Billel Abdelkadous

Personal information
- Date of birth: 22 May 1990 (age 36)
- Place of birth: Metz, France
- Height: 1.92 m (6 ft 4 in)
- Positions: Midfielder; winger;

Team information
- Current team: Mondorf
- Number: 22

Senior career*
- Years: Team / Apps / (Gls)
- Amnéville
- Reims B
- 2010–2011: Amnéville / 22 / (3)
- 2011–2012: BX Brussels / 27 / (5)
- 2012–2013: Virton / 34 / (5)
- 2013–2014: RC Arbaâ / 22 / (2)
- 2014: Vereya / 2 / (0)
- Amnéville
- 2016–2017: Shabab Urdun
- 2017–2018: Amnéville / 22 / (15)
- 2018–2019: Épinal / 27 / (5)
- 2019–2021: Amnéville / 23 / (8)
- 2021–: Mondorf / 108 / (27)

= Billel Abdelkadous =

French footballer (born 1990)

Billel Abdelkadous (born 22 May 1990) is a French footballer who plays as a midfielder or winger for Mondorf.

==Career==
Abdelkadous started his career with French side Amnéville. In 2011, he signed for BX Brussels in Belgium. In 2013, Abdelkadous signed for Algerian club RC Arbaâ, where he made 22 league appearances and scored 2 goals. On 24 August 2013, he debuted for RCA during a 1–0 loss to CRB. On 3 September 2013, Abdelkadous scored his first goal for RCA during a 2–1 win over USMH.

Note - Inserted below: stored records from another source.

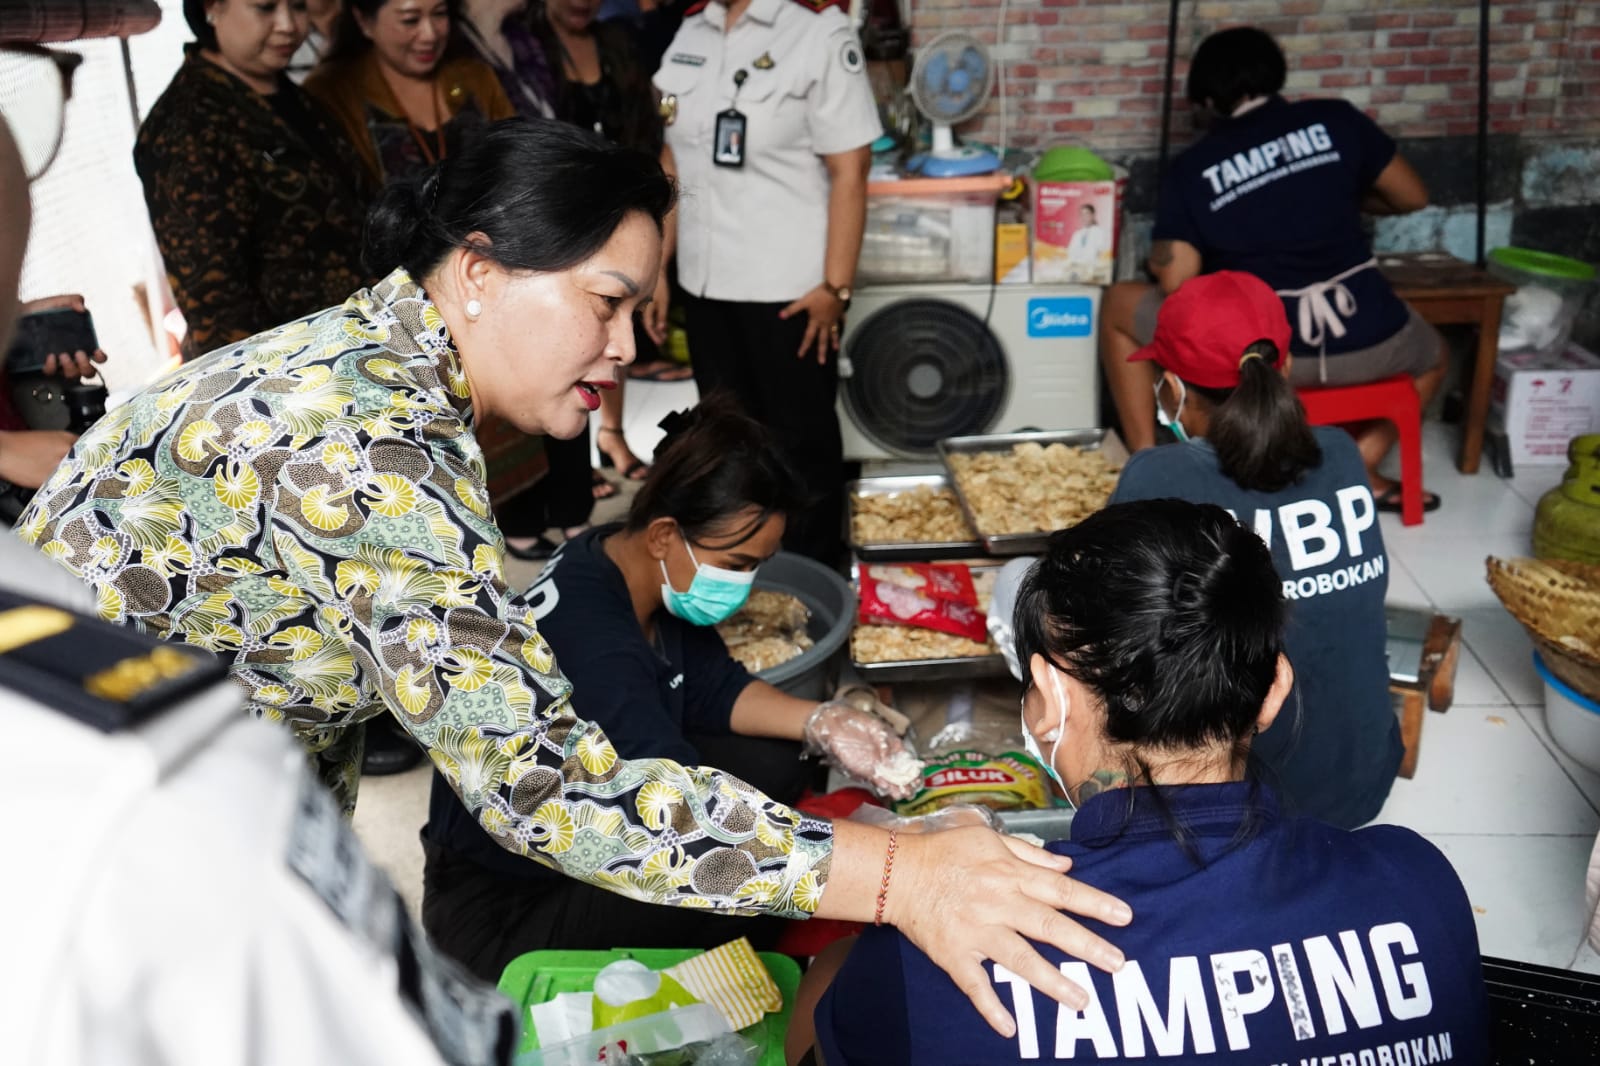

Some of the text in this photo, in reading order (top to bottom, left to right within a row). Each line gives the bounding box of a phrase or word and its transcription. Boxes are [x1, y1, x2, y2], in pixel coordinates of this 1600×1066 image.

[1201, 122, 1333, 194] TAMPING
[1282, 555, 1384, 600] ROBOKAN
[931, 768, 1006, 786] SILUK
[993, 921, 1433, 1059] TAMPING
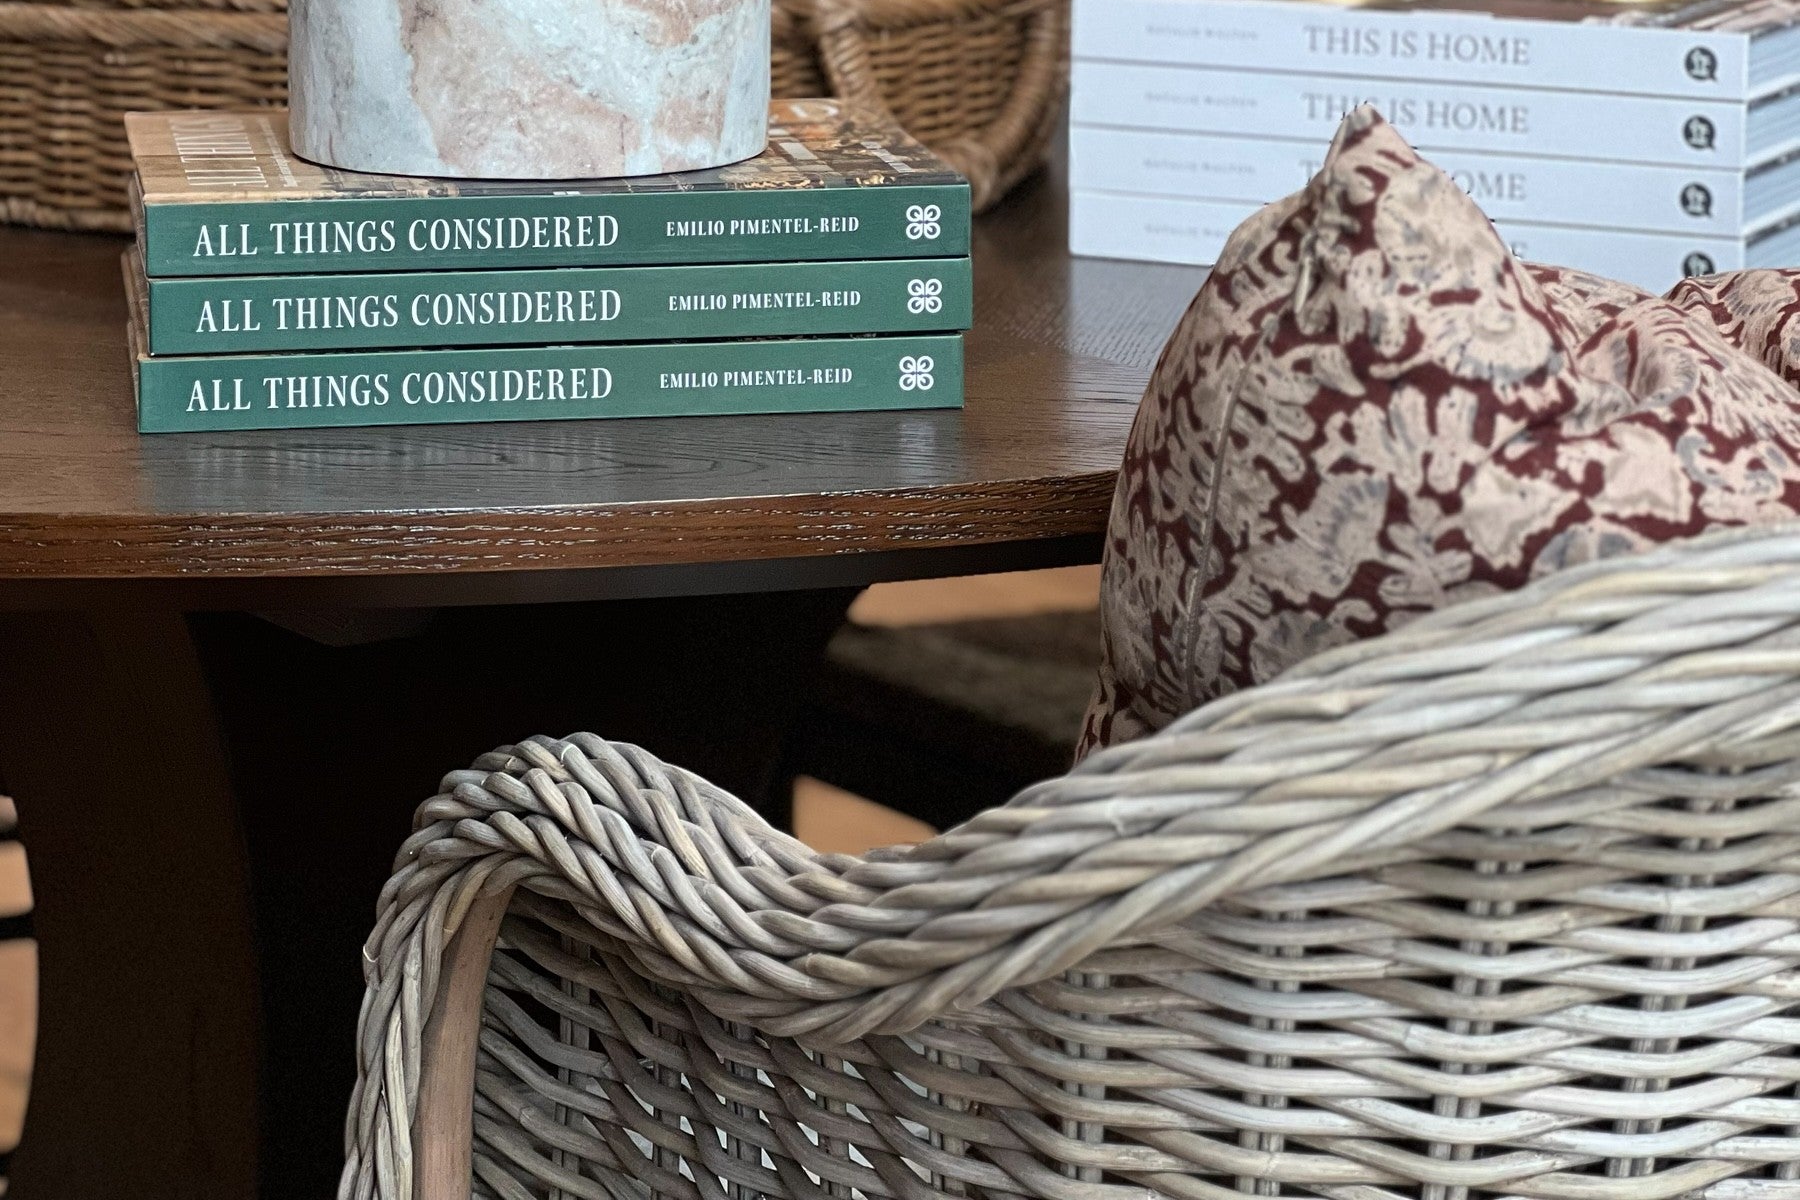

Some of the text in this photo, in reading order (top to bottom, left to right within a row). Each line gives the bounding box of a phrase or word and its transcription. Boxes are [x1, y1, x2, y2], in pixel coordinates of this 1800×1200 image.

[1302, 25, 1532, 66] THIS IS HOME
[1388, 97, 1416, 127] IS
[1426, 100, 1530, 134] HOME
[1450, 168, 1528, 202] OME
[192, 215, 619, 257] ALL THINGS CONSIDERED
[666, 216, 860, 237] EMILIO PIMENTEL-REID
[195, 289, 622, 333] ALL THINGS CONSIDERED
[668, 290, 861, 311] EMILIO PIMENTEL-REID
[185, 367, 613, 412] ALL THINGS CONSIDERED
[660, 367, 853, 389] EMILIO PIMENTEL-REID
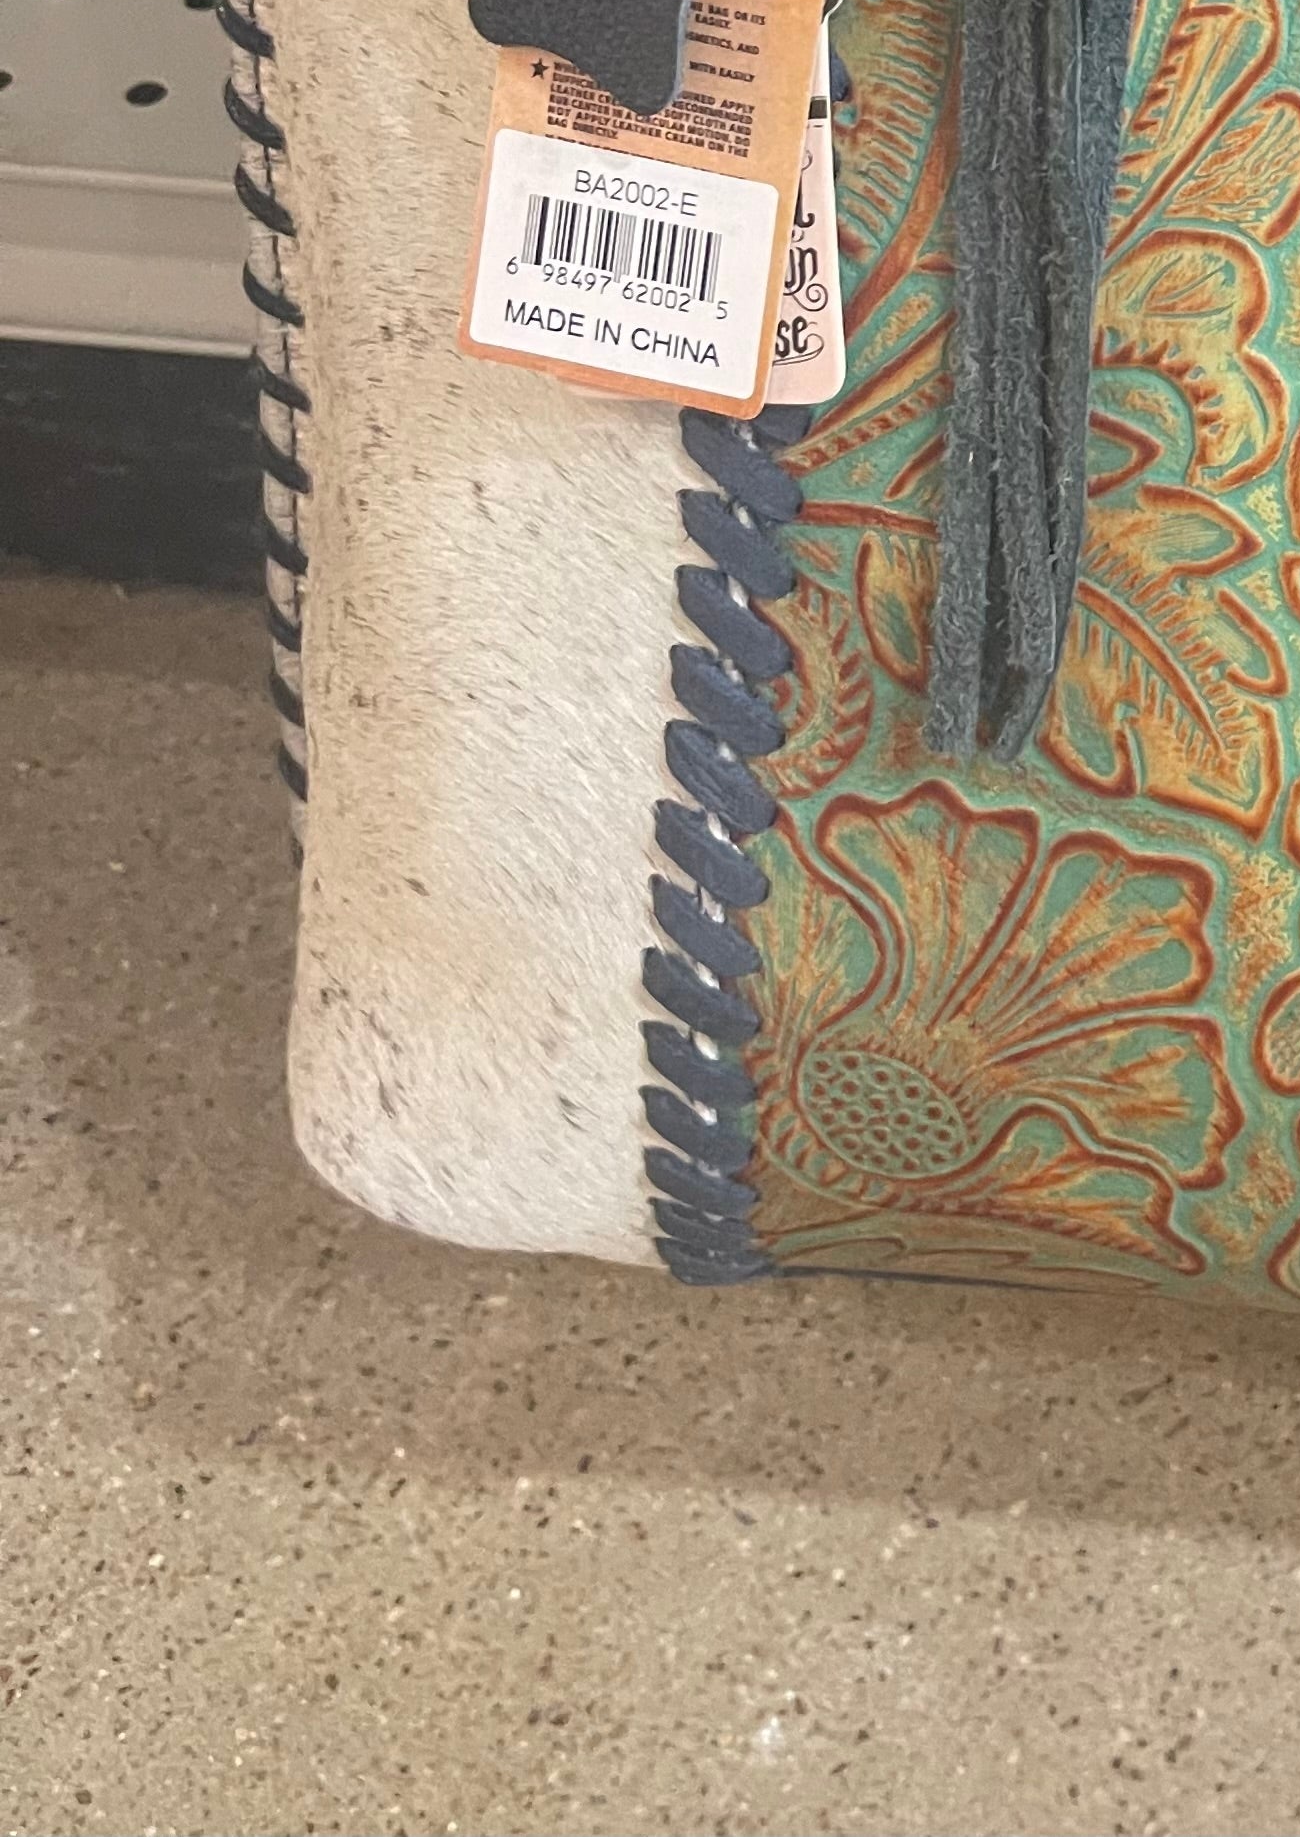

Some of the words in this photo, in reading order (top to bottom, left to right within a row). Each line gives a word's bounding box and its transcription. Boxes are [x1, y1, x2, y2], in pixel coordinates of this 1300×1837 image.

[708, 4, 729, 17] BAG
[685, 31, 734, 51] SMETICS,
[737, 43, 760, 55] AND
[547, 116, 568, 128] BAG
[550, 83, 596, 100] LEATHER
[693, 115, 727, 130] CLOTH
[729, 123, 752, 136] AND
[625, 111, 633, 119] A
[720, 99, 756, 114] APPLY
[547, 105, 572, 117] NOT
[575, 111, 611, 126] APPLY
[612, 119, 662, 138] LEATHER
[665, 131, 705, 148] CREAM
[708, 141, 725, 152] ON
[728, 145, 748, 158] THE
[574, 169, 699, 217] BA2002-E
[506, 256, 519, 275] 6
[543, 263, 612, 295] 98497
[622, 281, 692, 313] 62002
[716, 300, 729, 320] 5
[504, 299, 586, 338] MADE
[594, 318, 622, 346] IN
[631, 327, 720, 368] CHINA

In 2014, he signed for Vereya in Bulgaria. In 2016, Abdelkadous signed for Jordanian team Shabab Urdun. In 2017, he returned to Amnéville in the French fifth division. In 2018, he signed for French fourth division outfit Épinal. In 2019, Abdelkadous returned to Amnéville in the French fifth division. In 2021, he signed for Luxembourgish side Mondorf.